The current political and social climate of the Middle East, that of uncertainty, conflict, distrust and ultimately, fear, is intrinsically tied to continued efforts by the Saudi Arabian administration to maintain their hegemony over the region. Being a government reliant on the maintenance of the current status quo, Saudi rulers place a great deal of emphasis on and allocate a significant amount of their resources to aggressively eliminating groups and influences deemed as potentially destabilizing threats. This is accomplished by the regime, domestically, through a consistent exertion of extreme social control over its own citizenry, employing strict censorship of media and utilizing police and security forces to stifle groups deemed in opposition to the persistence of the Kingdom’s current political reality.

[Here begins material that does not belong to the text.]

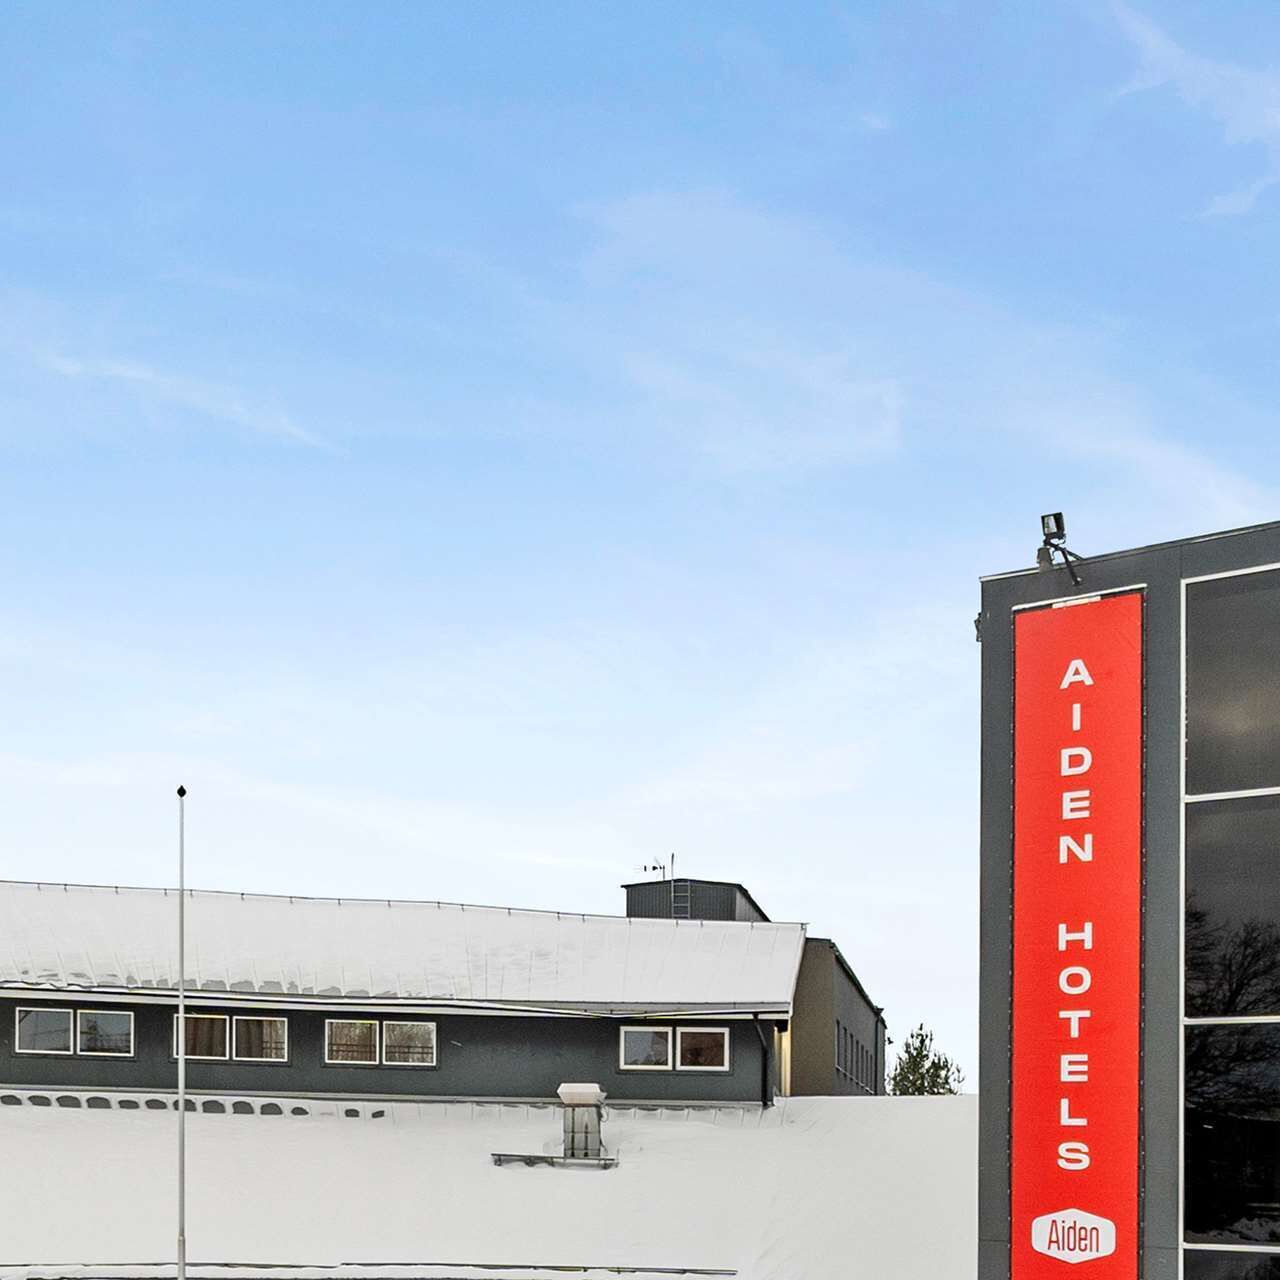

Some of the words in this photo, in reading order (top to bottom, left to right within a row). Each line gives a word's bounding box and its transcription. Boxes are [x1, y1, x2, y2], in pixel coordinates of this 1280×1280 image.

[1059, 658, 1095, 864] AIDEN
[1056, 921, 1093, 1171] HOTELS
[1047, 1219, 1099, 1252] Aiden
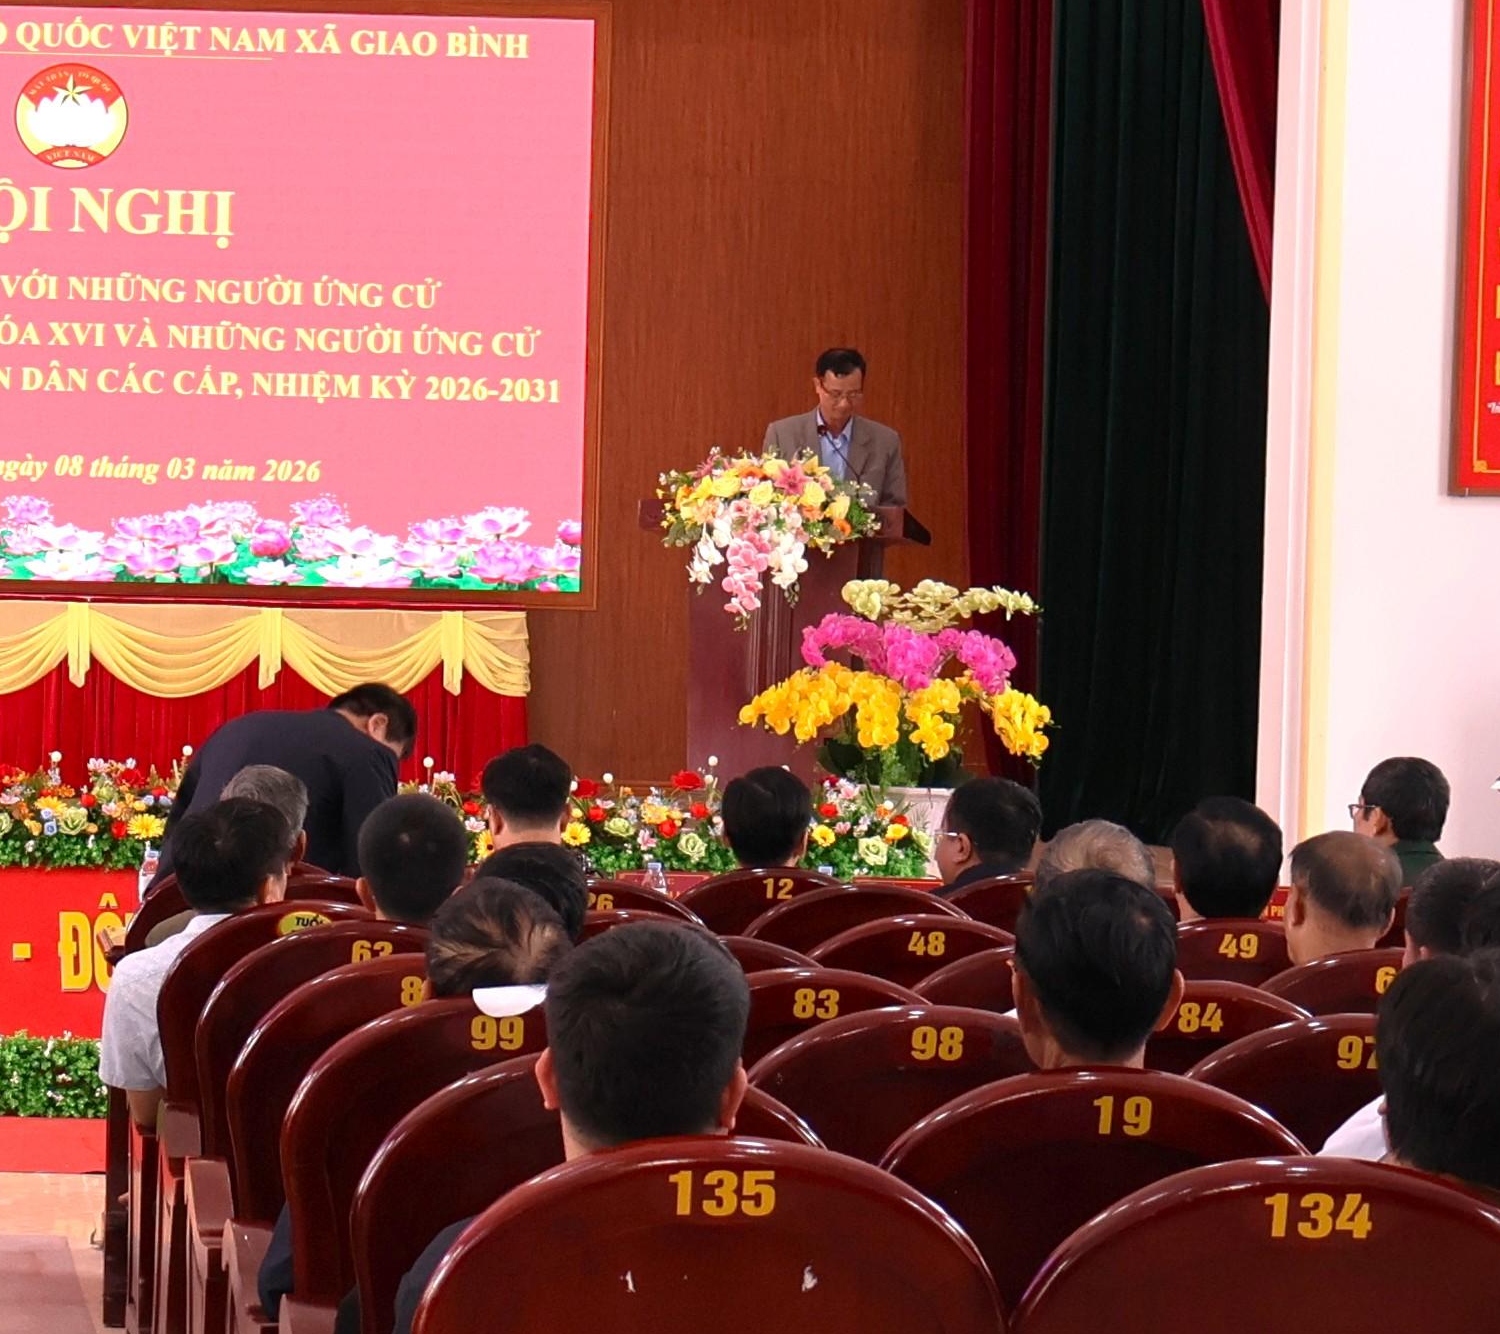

Despotic in nature, the Saudi government fears the tumultuous influence of revolutionary ideologies, such as those exported by Iran, through its Revolutionary Council, and those located at a more grassroots level, inspired by the events of the Arab Spring. To combat these influences on a regional level, the Saudi government aggressively exports its own conservative influence across the region, emphasizing its role in Islam as caretakers of Mecca and Medina as well as boosting its own potential as a martial and political power through the purchase of military hardware from the West. While the flexing of this weaponize muscle has typically been constrained to within the boundaries of Saudi Arabia, crushing dissent with little mercy, the Saudi government’s growing confidence has emboldened them to leave the relative safety of their borders to engage directly with foreign ideological threats.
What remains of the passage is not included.